Mohammad Rasekh (Persian: محمد راسخ, born 1963) is an Iranian lawyer and researcher and professor of the Department of Public Law at the Faculty of Law of Shahid Beheshti University and a member of the Ibn Sina Scientific Research Institute. In 2010 and 2017, he was recognized as a model researcher at Shahid Beheshti University. Also, the book History of Islamic Legal Theories, translated by him, won the Book of the Season Award in 2008.

He also has a seminary education, dealing with the philosophy of law, public law and interdisciplinary issues of law and ethics and philosophy, has made an important impact on the field of law in Iran and has written and translated important and lasting works in Iranian legal literature.

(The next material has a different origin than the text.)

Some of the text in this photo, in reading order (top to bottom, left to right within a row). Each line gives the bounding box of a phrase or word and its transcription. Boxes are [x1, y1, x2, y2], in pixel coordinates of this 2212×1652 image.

Among these works are the translation of a brief history of legal theory in the West and written works such as "Theoretical Foundation for Legislative Reform" and "Stem Cell: Law and Ethics". He is currently a member of the editorial board of the specialized scientific quarterly of legal encyclopedias.

==Life==
Mohammad Rasekh received his bachelor's degree in law from the University of Tehran and spent about ten years regularly in seminaries and seminary meetings in Tehran up to level Islamic science courses such as Arabic language, logic, jurisprudence, principles, history, interpretation, He read theology and philosophy. He then went on to study law and economics, and philosophy of law at the University of London until his master's degree, and received his doctorate in law and philosophy from the University of Manchester.

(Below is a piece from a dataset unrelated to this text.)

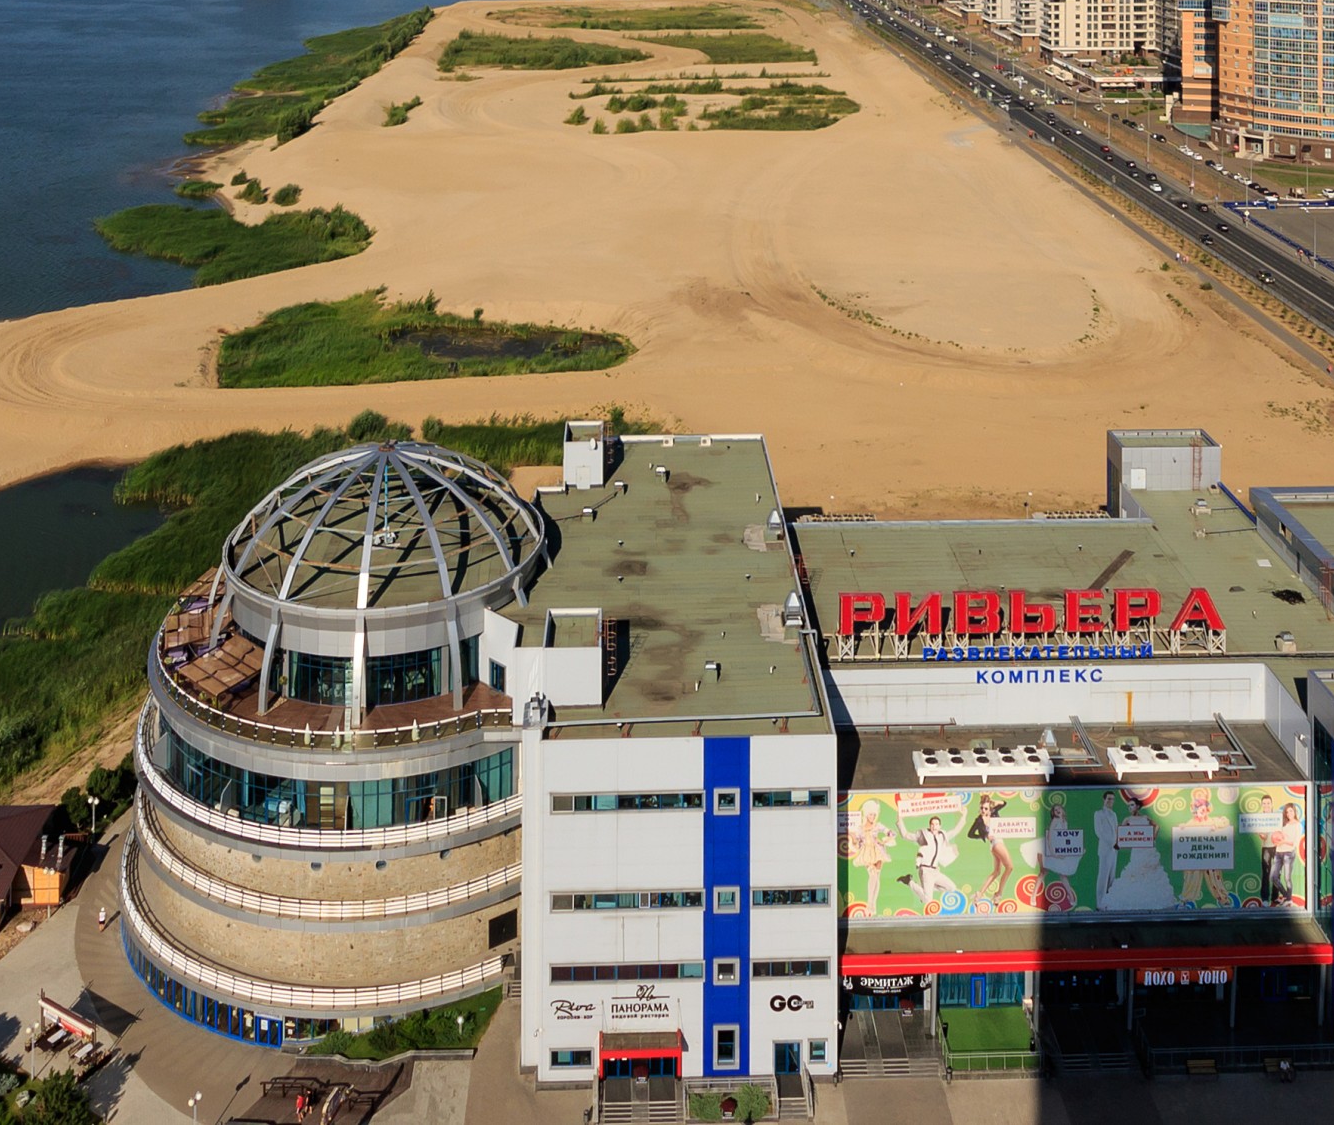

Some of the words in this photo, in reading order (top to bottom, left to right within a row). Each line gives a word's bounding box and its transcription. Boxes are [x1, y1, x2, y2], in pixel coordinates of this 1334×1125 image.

Rasekh became a member of the faculty of the Faculty of Law of Shahid Beheshti University in 1998 and is currently a professor in the Department of Public Law of this university and a member of the Ibn Sina Scientific Research Institute. In 2010 and 2017, Mohammad Rasekh was recognized as a model researcher at Shahid Beheshti University. Also, the book History of Islamic Legal Theories written by Wael Ibn Halaq and translated by him won the Book of the Season Award in 2008.

== Bibliography ==
- Philosophy of Law and Philosophy of Public Law, Mohammad Rasekh, Tehran: House of Humanities Thinkers
- Regulation in the Judiciary, Mohammad Rasekh, Tehran: Drak, 2015
- Comparative study of general law education, Tehran, 2016.

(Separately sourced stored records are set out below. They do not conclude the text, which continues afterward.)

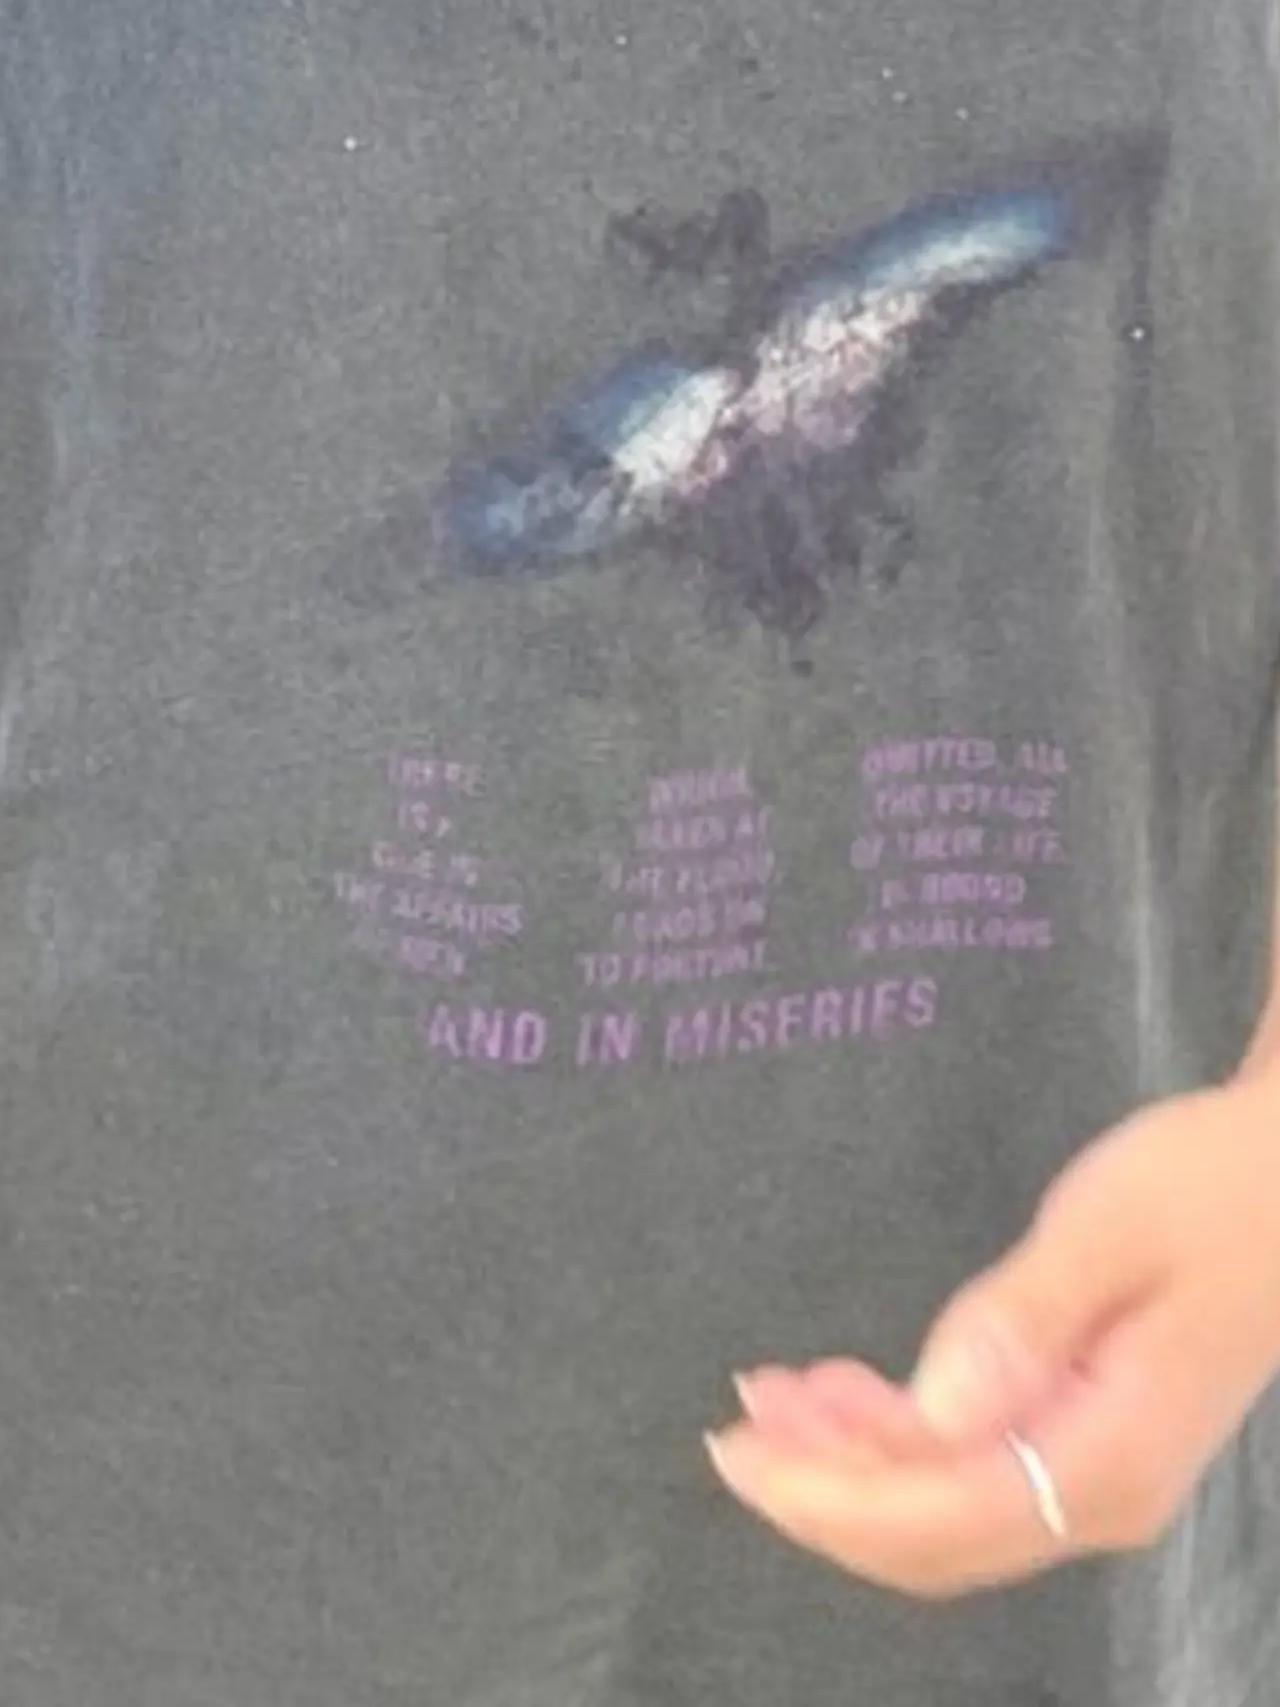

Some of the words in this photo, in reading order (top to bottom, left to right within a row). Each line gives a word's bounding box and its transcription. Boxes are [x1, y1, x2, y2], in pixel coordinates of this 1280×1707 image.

[428, 1003, 547, 1065] AND
[576, 1011, 637, 1066] IN
[664, 978, 939, 1062] MISERIES
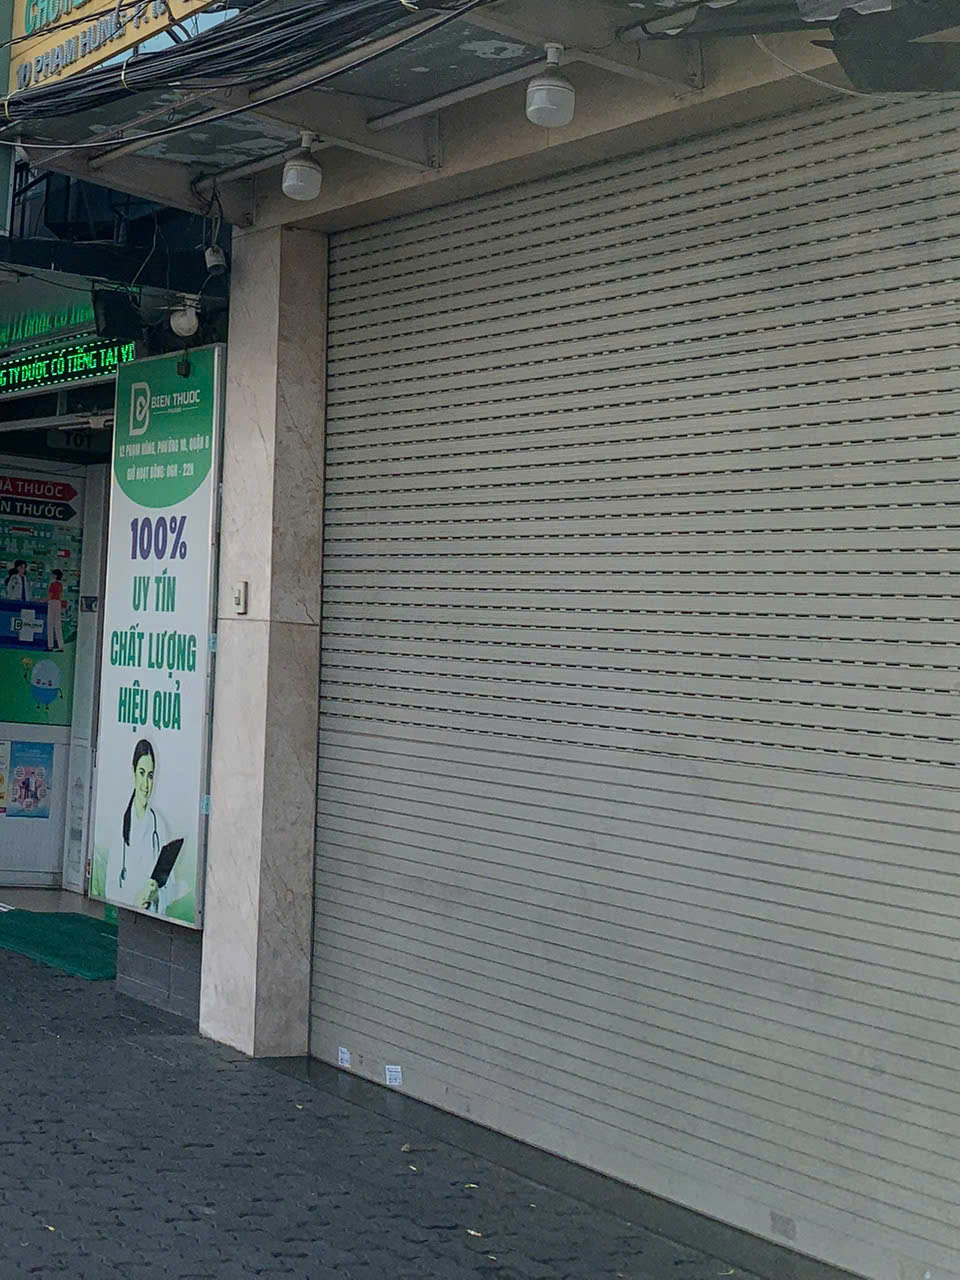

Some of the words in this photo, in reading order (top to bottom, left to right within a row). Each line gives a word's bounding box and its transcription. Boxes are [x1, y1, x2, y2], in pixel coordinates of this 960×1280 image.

[8, 367, 20, 384] TY
[22, 360, 50, 385] DƯỢC
[51, 354, 64, 374] CÓ
[68, 347, 97, 372] TIẾNG
[99, 348, 118, 371] TẠI
[151, 394, 171, 409] BIEN
[173, 390, 200, 405] THUOC
[130, 516, 187, 560] 100%
[132, 575, 150, 612] UY
[155, 568, 176, 612] TÍN
[110, 623, 145, 668] CHẤT
[148, 631, 197, 678] LƯỢNG
[118, 680, 148, 732] HIỆU
[152, 680, 182, 730] QUẢ

- Fundamentals of Public Law, Mohammad Rasekh (translator), Tehran: Ney Publishing
- The Concept of Law, Herbert Lionel Adolfones Hart, Mohammad Rasekh (Translator), Tehran: Ney Publishing, 2011
- History of Islamic Legal Theories: An Introduction to the Principles of Sunni Jurisprudence, Wael Halaq, Mohammad Rasekh (Translator), Tehran: Nashr-e Ney
- Right and Expediency: Articles in Philosophy of Law, Philosophy of Law and Philosophy of Value, Mohammad Rasekh, Volume One, Tehran: New Plan
- Right and Expediency: Articles in Philosophy of Law, Philosophy of Law and Philosophy of Value, Mohammad Rasekh, Volume 2, Tehran: Nashr-e Ney
- Supervision and Balance in the Constitutional Law System, Mohammad Rasekh, Tehran: Drak
- Theoretical Foundation for Legislative Reform, Mohammad Rasekh, Tehran: Parliamentary Research Center
- A Brief History of Legal Theory in the West, John Morris Kelly, Mohammad Rasekh (Translator), Tehran: New Plan, 2004
- Freedom, Ethics, Law (An Introduction to the Philosophy of Criminal and Public Law), Herbert Hart, Mohammad Rasekh (Translator), Tehran: New Plan, 2009
- Culture of Legal Theory, Brian H. Bix, Translators Group, Tehran: Ney Publishing, 2010
- Genetics: Law, Ethics, Psychology (collection of articles), Authors' Group, Tehran: Ibn Sina Research Institute, 2011
- Stem Cell: Ethics and Law, Mohammad Rasekh, Mohammad Mehdi Akhoondi, Amir Hossein Khodaparast, Arash Mahdab, Lily Monfared, Tehran: Ibn Sina Research Institute Publications, 2010
- Religion, Law and the Origin of Constitutional Thought [Translation], Tehran: Contemporary View.